INSTRUCTIONS TO FOLLOW
Without adding or dropping anything, copy the entries below.

DATA UNDER STUDY
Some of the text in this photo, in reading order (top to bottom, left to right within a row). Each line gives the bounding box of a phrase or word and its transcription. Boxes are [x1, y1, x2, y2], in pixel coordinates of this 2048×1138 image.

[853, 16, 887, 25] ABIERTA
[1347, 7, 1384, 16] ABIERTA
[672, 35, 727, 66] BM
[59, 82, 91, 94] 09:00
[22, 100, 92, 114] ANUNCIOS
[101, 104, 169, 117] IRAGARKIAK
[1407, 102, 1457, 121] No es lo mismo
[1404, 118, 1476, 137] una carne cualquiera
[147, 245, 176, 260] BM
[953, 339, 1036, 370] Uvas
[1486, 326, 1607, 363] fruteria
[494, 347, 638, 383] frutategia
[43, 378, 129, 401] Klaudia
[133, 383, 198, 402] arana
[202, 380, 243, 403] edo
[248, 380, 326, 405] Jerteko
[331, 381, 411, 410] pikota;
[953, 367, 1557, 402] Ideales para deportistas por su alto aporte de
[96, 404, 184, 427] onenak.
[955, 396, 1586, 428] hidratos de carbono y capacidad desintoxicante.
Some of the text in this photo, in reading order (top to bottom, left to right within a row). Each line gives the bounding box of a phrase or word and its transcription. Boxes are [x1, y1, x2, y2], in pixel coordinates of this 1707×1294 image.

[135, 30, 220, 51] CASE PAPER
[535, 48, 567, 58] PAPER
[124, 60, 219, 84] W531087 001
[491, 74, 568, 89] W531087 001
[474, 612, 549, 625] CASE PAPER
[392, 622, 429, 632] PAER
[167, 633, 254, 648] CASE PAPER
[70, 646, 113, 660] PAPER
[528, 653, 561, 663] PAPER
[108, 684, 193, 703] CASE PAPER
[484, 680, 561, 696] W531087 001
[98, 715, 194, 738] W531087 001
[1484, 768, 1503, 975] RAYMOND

ANSWER FOR THE TASK
Some of the text in this photo, in reading order (top to bottom, left to right within a row). Each line gives the bounding box of a phrase or word and its transcription. Boxes are [x1, y1, x2, y2], in pixel coordinates of this 2048×1138 image.

[853, 16, 887, 25] ABIERTA
[1347, 7, 1384, 16] ABIERTA
[672, 35, 727, 66] BM
[59, 82, 91, 94] 09:00
[22, 100, 92, 114] ANUNCIOS
[101, 104, 169, 117] IRAGARKIAK
[1407, 102, 1457, 121] No es lo mismo
[1404, 118, 1476, 137] una carne cualquiera
[147, 245, 176, 260] BM
[953, 339, 1036, 370] Uvas
[1486, 326, 1607, 363] fruteria
[494, 347, 638, 383] frutategia
[43, 378, 129, 401] Klaudia
[133, 383, 198, 402] arana
[202, 380, 243, 403] edo
[248, 380, 326, 405] Jerteko
[331, 381, 411, 410] pikota;
[953, 367, 1557, 402] Ideales para deportistas por su alto aporte de
[96, 404, 184, 427] onenak.
[955, 396, 1586, 428] hidratos de carbono y capacidad desintoxicante.
Some of the text in this photo, in reading order (top to bottom, left to right within a row). Each line gives the bounding box of a phrase or word and its transcription. Boxes are [x1, y1, x2, y2], in pixel coordinates of this 1707×1294 image.

[135, 30, 220, 51] CASE PAPER
[535, 48, 567, 58] PAPER
[124, 60, 219, 84] W531087 001
[491, 74, 568, 89] W531087 001
[474, 612, 549, 625] CASE PAPER
[392, 622, 429, 632] PAER
[167, 633, 254, 648] CASE PAPER
[70, 646, 113, 660] PAPER
[528, 653, 561, 663] PAPER
[108, 684, 193, 703] CASE PAPER
[484, 680, 561, 696] W531087 001
[98, 715, 194, 738] W531087 001
[1484, 768, 1503, 975] RAYMOND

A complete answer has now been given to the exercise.